Do you need to define naming attributes for the class? For information, see Section 1.4, Naming Attributes.
Does the class require any mandatory attributes that cannot be inherited from its super classes?
Does the class require any optional attributes that cannot be inherited from its super classes?
Your code should create new attributes before the new class so that the attributes can be assigned when the class is created. Otherwise, you will have to modify the class after the attributes are created. Mandatory attributes cannot be added later; they must be added to the class when the class is created.
The schema can be extended with many of the interfaces in the NDK such as NDS Libraries for C, LDAP Service Provider for JNDI, NDS Service Provider for JNDI, Novell Controls for ActiveX, Beans for Novell Services, and Novell ConsoleOne.
When you define new attribute types or new object class definitions, you must register them with Developer Support to ensure uniqueness. To register, you should go to the Novell Developer Support Web site, fill out the form, and submit the information.
If you cannot use the form, call Developer Support at 1-800-REDWORD (1-800-733-9673). If you cannot use an 800 number, the international number is 1-44-801-861-5588.
When you register, you receive a unique prefix that you prepend to the names of your new attribute and class definitions. You also receive two ASN.1 (Abstract Syntax Notation One) identifiers: one for object classes and one for attribute definitions. These IDs can be expanded to include as many unique IDs as you need for object classes and attributes.
In NetWare 4.11 and below, object class and attributes can have, but are not required to have, an ASN.1 ID. In NetWare 5.x, ASN.1 IDs are required for applications to pass Novell certification. NDS 8 verifies that the ASN.1 is BER encoded. ASN.1 IDs serve as a common syntax for transferring information between two end systems.
The prefix, which can be from 3 to 8 characters long, serves two purposes. It guarantees that your attribute and class names are unique. We keep a database of registered prefixes to ensure that no two companies select the same prefix. Since no two class definitions can share the same name, the unique prefix ensures that the name is unique.
The prefix also identifies which attributes and classes belong to your application. In the past, we used a convention that separated the prefix from the descriptive name with a colon. Since LDAP does not support colons in schema definition names, we are now using a convention which lowercases the prefix and capitalizes the first letter of each word in the descriptive part of the name. Don't use spaces between words because LDAP naming rules do not support spaces.

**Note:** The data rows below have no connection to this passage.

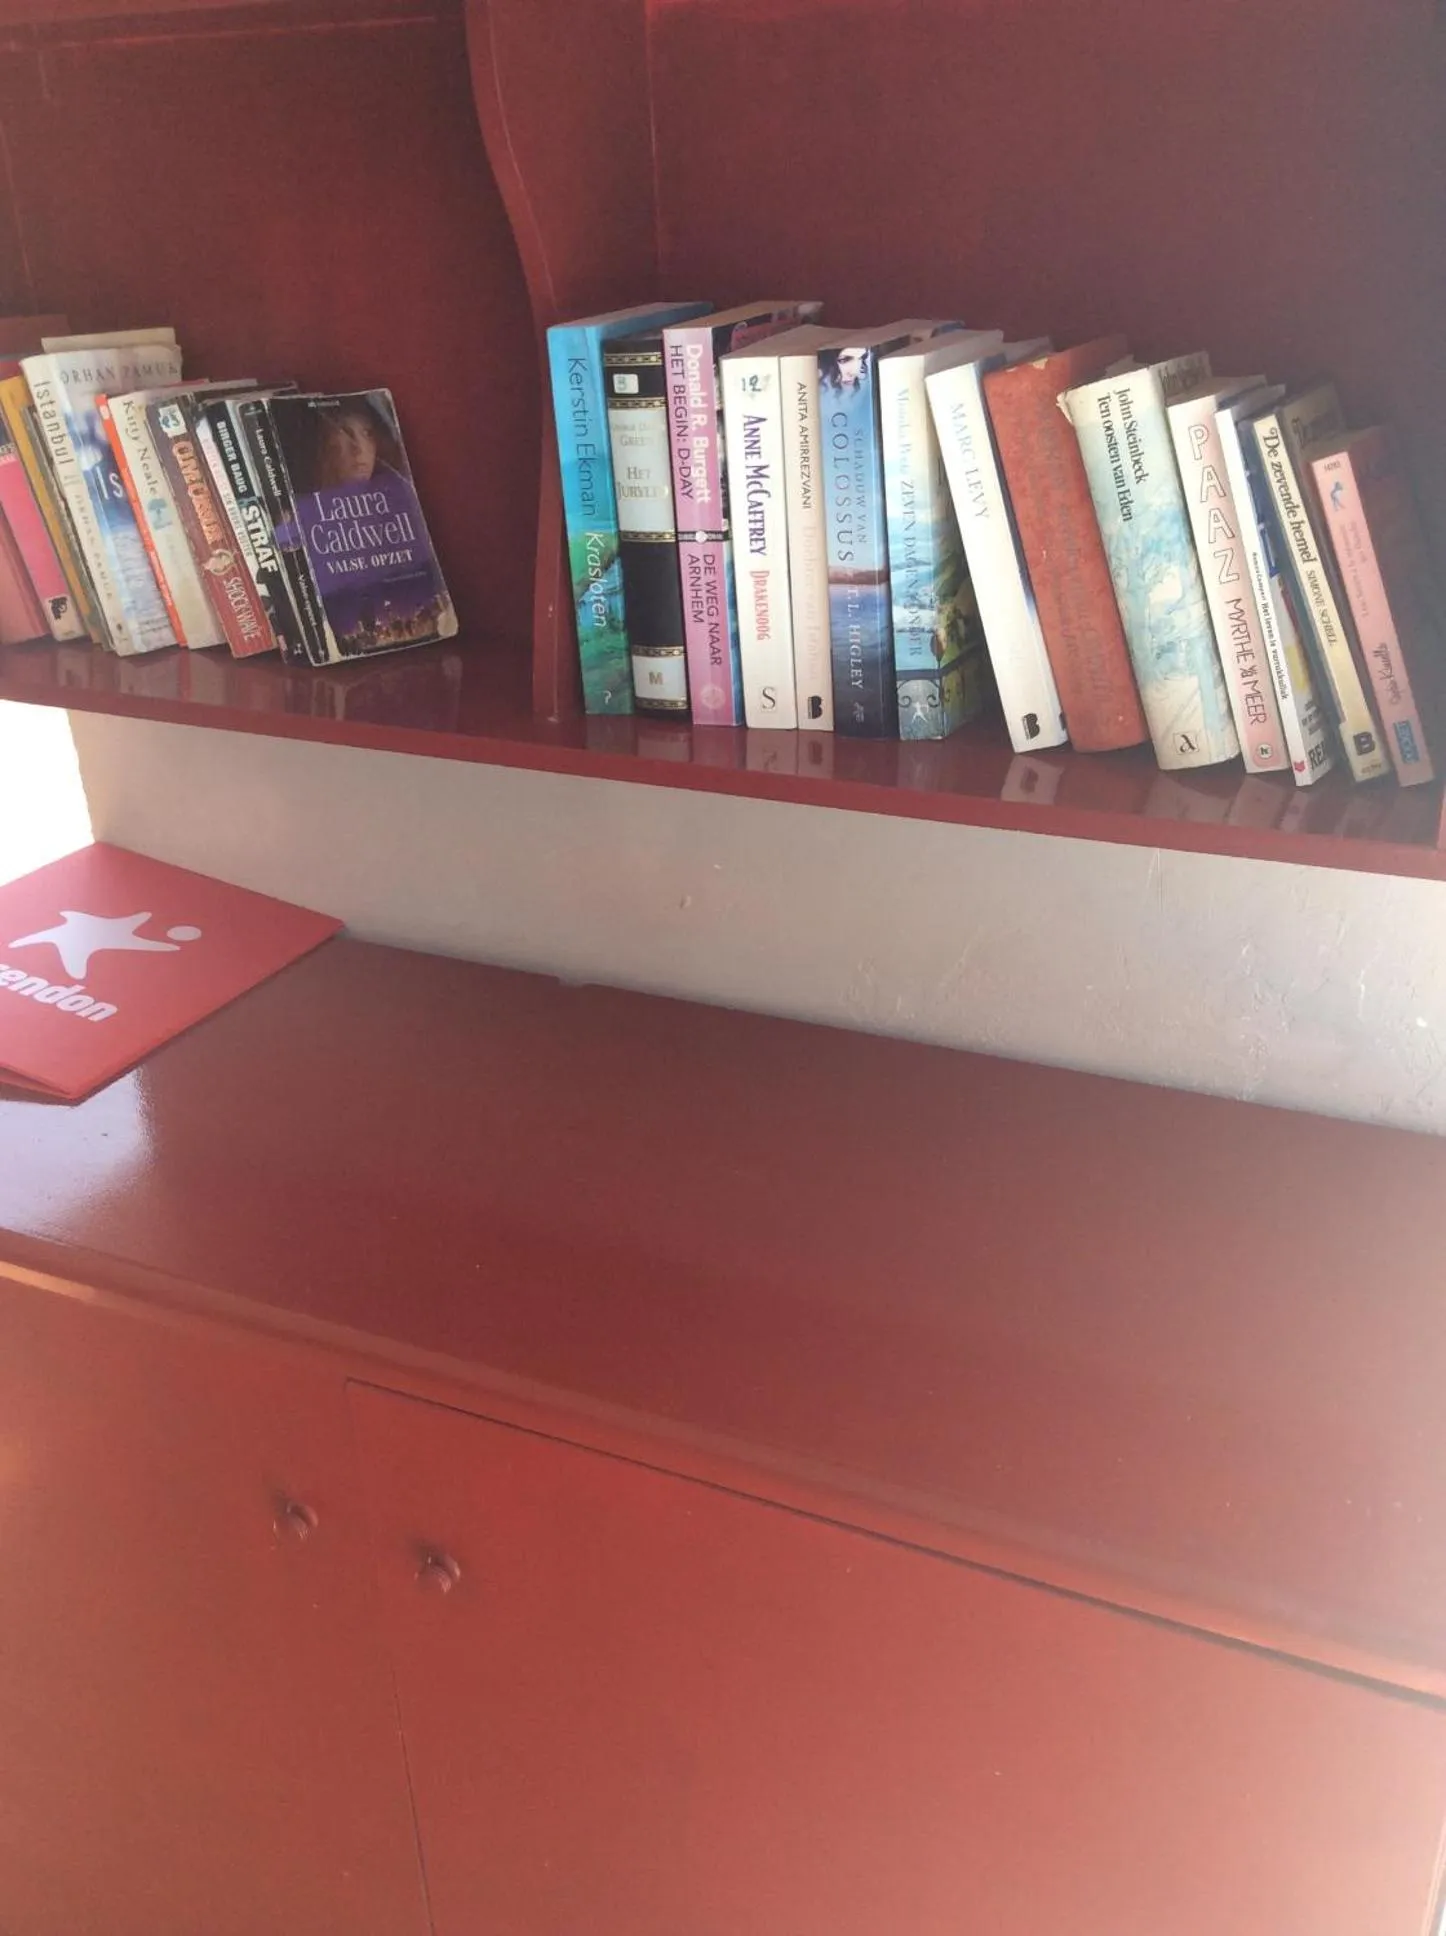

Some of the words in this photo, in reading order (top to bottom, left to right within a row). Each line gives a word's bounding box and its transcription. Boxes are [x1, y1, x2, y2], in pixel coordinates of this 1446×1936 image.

[60, 366, 115, 385] ORHAN
[122, 362, 178, 380] PAMUK
[669, 344, 685, 379] HET
[687, 344, 709, 411] Donald
[33, 380, 75, 465] Istanbul
[567, 357, 591, 438] Kerstin
[673, 384, 689, 442] BEGIN:
[692, 414, 708, 431] R.
[796, 381, 809, 423] ANITA
[1096, 391, 1110, 420] Ten
[1113, 387, 1132, 420] John
[122, 400, 141, 441] Kitty
[137, 447, 160, 495] Neale
[216, 420, 237, 462] BIRGER
[255, 428, 267, 455] Laura
[263, 455, 282, 498] Caldwell
[742, 414, 768, 461] ANNE
[951, 402, 976, 461] MARC
[964, 468, 990, 520] LEVY
[1101, 420, 1120, 465] oosten
[1121, 419, 1149, 486] Steinbeck
[576, 443, 597, 516] Ekman
[678, 448, 694, 500] D-DAY
[693, 437, 713, 504] Burgett
[799, 424, 814, 510] AMIRREZVANI
[831, 411, 856, 563] COLOSSUS
[853, 428, 867, 509] SCHADUW
[1112, 464, 1126, 490] van
[313, 490, 390, 522] Laura
[901, 479, 917, 534] ZEVEN
[1117, 489, 1134, 523] Eden
[1188, 423, 1241, 586] PAAZ
[1262, 426, 1279, 457] De
[1271, 460, 1299, 519] zevende
[1289, 519, 1319, 566] hemel
[241, 504, 279, 573] STRAF
[310, 512, 416, 555] Caldwell
[857, 513, 868, 544] VAN
[326, 556, 368, 575] VALSE
[370, 549, 413, 568] OPZET
[584, 531, 610, 628] Krasloten
[703, 553, 716, 577] DE
[904, 536, 919, 591] DAGEN
[1305, 568, 1326, 608] SIMONE
[687, 554, 705, 624] ARNHEM
[704, 580, 720, 617] WEG
[749, 569, 772, 642] DRAKENOOG
[1260, 602, 1271, 618] Het
[708, 622, 723, 666] NAAR
[1262, 617, 1275, 641] leven
[648, 671, 664, 686] M
[849, 624, 865, 690] HIGLEY
[1226, 598, 1255, 664] MYRTHE
[1241, 680, 1268, 726] MEER

For example, if you registered the ABC prefix with Novell and used it to create a Reading Group class definition, we would recommend the following name which conforms to both NDS and LDAP naming conventions:
When you register for a prefix and an OID, we assign you a number similar to the following:
2.16.840.1.113719.2.888.4.12.1
These numbers have the following meanings:
After the subarc number, you are free to assign and subdivide the OID as best fits your application. However, we recommend that you use the format described above for the next few subdivisions. If you want to conform to standards and supply meaningful OIDs, the type identifier is important and needs to be used according to established conventions.
We also recommend starting the attribute and class count with 1 (not 0) and leaving the version number for first release blank (don’t use zero). For the next release, use 1 for the first revision and increment the version number with each subsequent release. Add the version number to the classes that are modified and to the classes and attributes that are new for that version. The version number of previous classes and attributes which have not been modified should not be incremented to the new version.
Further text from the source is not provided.